The Terror Timeline had contained previously published reports that were subsequently retracted, including allegations against a Saudi man, Mohammed Al Amoudi, that he had funded, supported, or is associated with Osama bin Laden, Al Qaeda, and their terrorist activities. The sources cited in the book also incorrectly said that Al Amoudi was a defendant in a lawsuit filed by families of 9/11 victims. These reports were based on published news reports that were later retracted but cited in first edition runs of the book before later being retracted by the news sources who made the allegations. HarperCollins removed these references in reprints after January 2005. Upon discovery of this, Paul Thompson and the Center for Cooperative Research made a public apology and the information was removed from the organization's website as well as from future editions of the book.

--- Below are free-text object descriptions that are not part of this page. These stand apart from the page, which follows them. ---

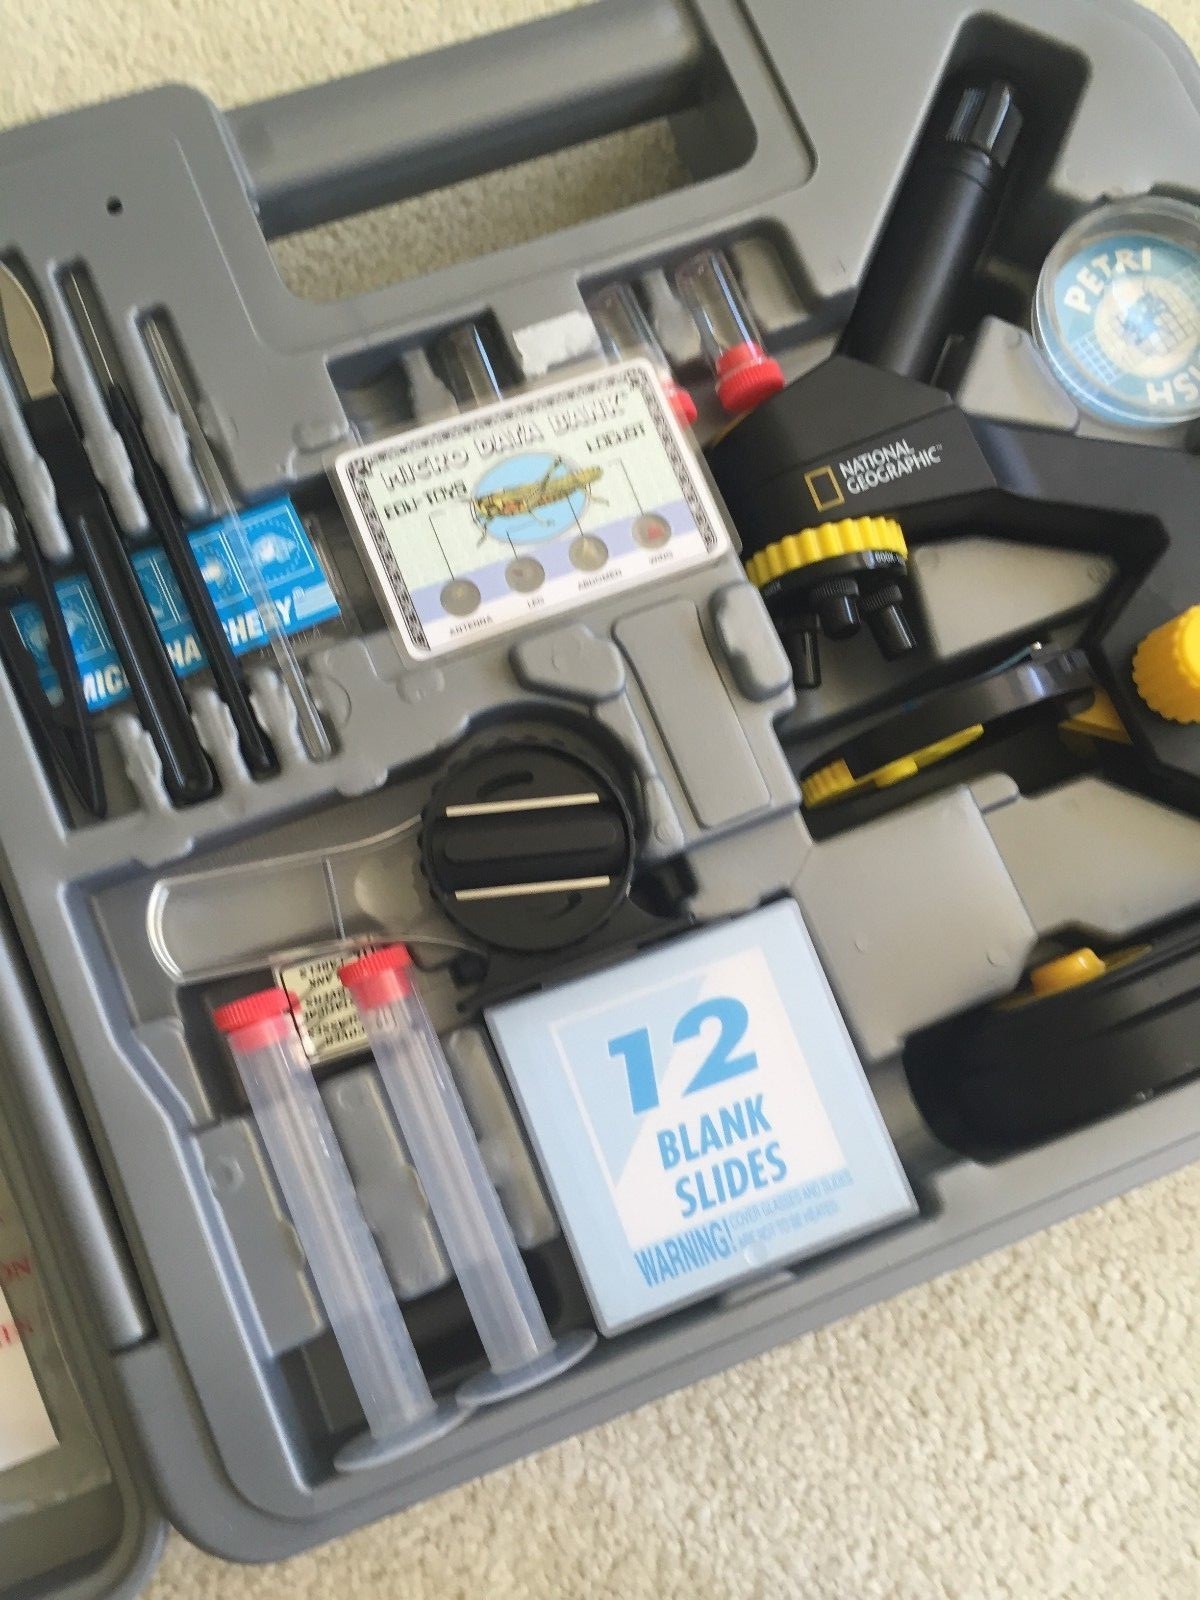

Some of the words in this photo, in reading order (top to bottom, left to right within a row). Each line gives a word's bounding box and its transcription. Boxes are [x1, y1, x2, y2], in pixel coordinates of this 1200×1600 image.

[1063, 247, 1152, 315] PETRI
[380, 447, 470, 491] MICRO
[474, 422, 545, 459] DATA
[548, 391, 627, 437] BANK
[839, 438, 915, 480] NATIONAL
[846, 444, 943, 495] GEOGRAPHIC
[608, 996, 758, 1116] 12
[656, 1093, 773, 1170] BLANK
[675, 1141, 787, 1219] SLIDES
[633, 1218, 738, 1289] WARNING!
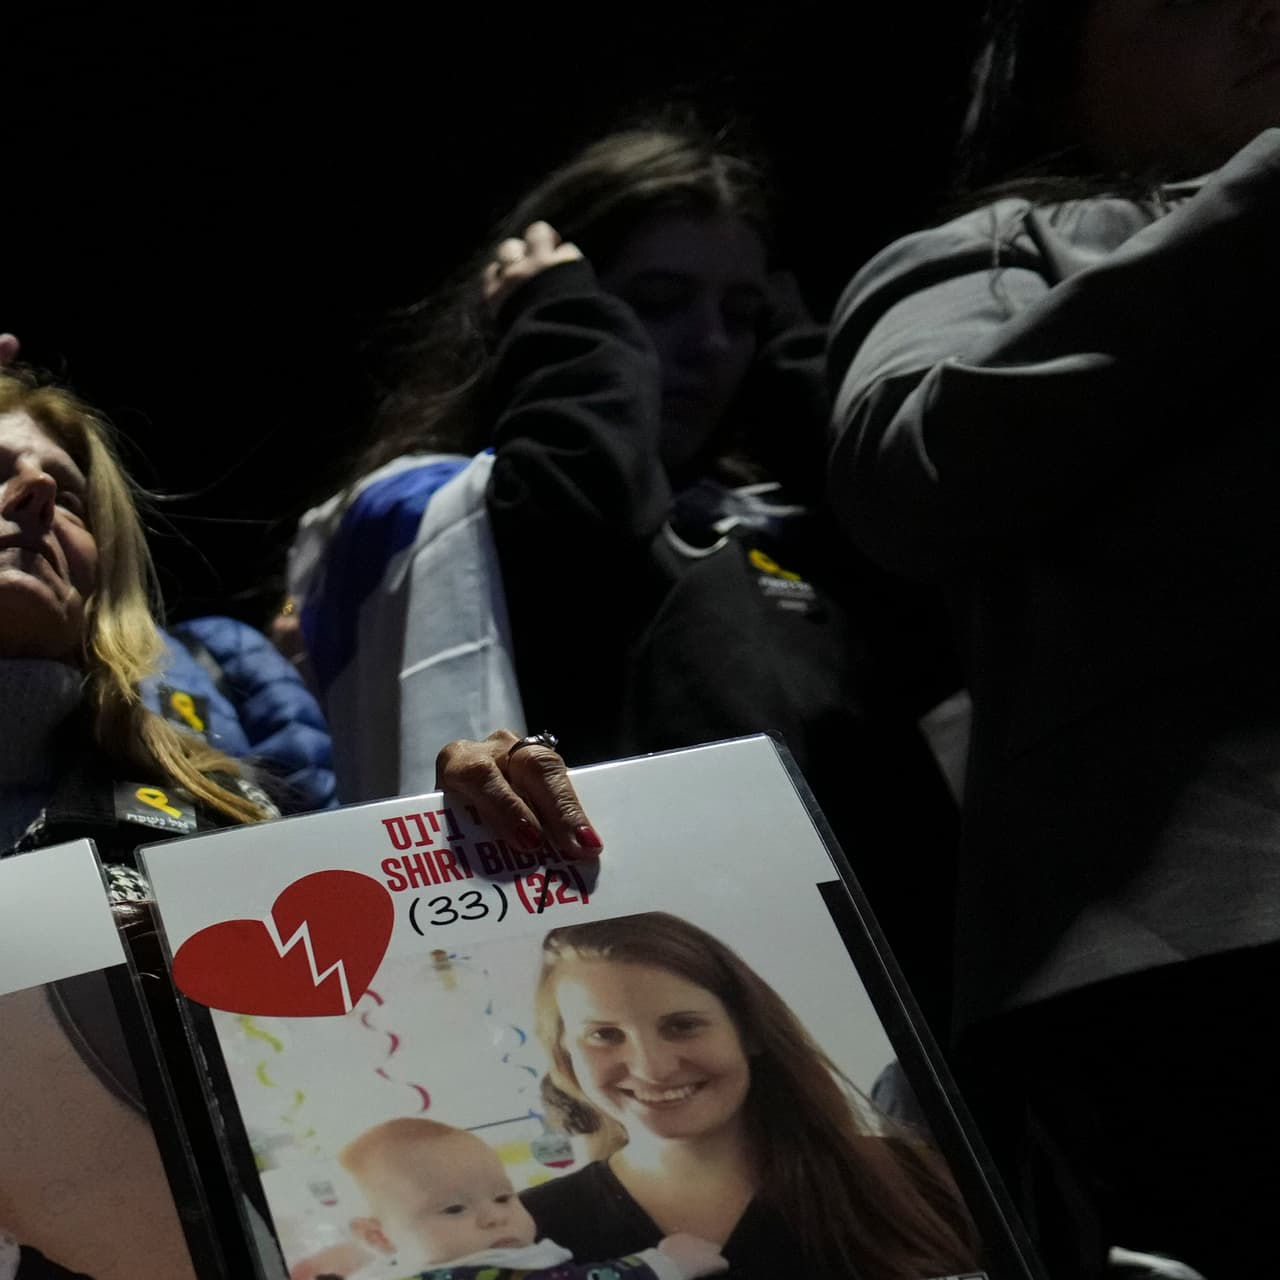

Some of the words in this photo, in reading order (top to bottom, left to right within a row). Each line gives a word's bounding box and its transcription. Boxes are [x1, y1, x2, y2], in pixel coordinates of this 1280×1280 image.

[381, 808, 465, 851] ביבס
[381, 845, 474, 892] SHIRI
[409, 884, 509, 937] (33)

==Author - Paul Thompson==
Paul Thompson is the author of The Terror Timeline, a compilation of over 5,000 reports and articles concerning the September 11, 2001 attacks. The book was based on research conducted by himself and other contributors to the History Commons website. Thompson's research in the field has garnered over 100 radio interviews, along with TV interviews on Fox News and Air America and interviews in print, such as for Buzz Magazine. Articles about himself, his research and its reception by the 9/11 Truth Movement have appeared in The Village Voice and Esquire Magazines "Genius Issue". and recognition as "an authority on terrorism", even though, "He never studied, trained", as noted by Esquire. In 2005, Thompson was asked to speak at a congressional briefing on the 9/11 Commission’s final report, he addressed what he defined as failures by the Federal Aviation Administration (FAA) and North American Aerospace Defense Command (NORAD).

Paul Thompson was born in Pacific Beach, California and currently holds a psychology degree from Stanford University obtained in 1990. He now spends time there and in New Zealand. He is a freelance researcher and has worked in the past as an environmental activist at an environmental-protection firm.

Mr. Thompson has made numerous appearances on Link TV and Free Speech TV. He helps these independent channels raise money.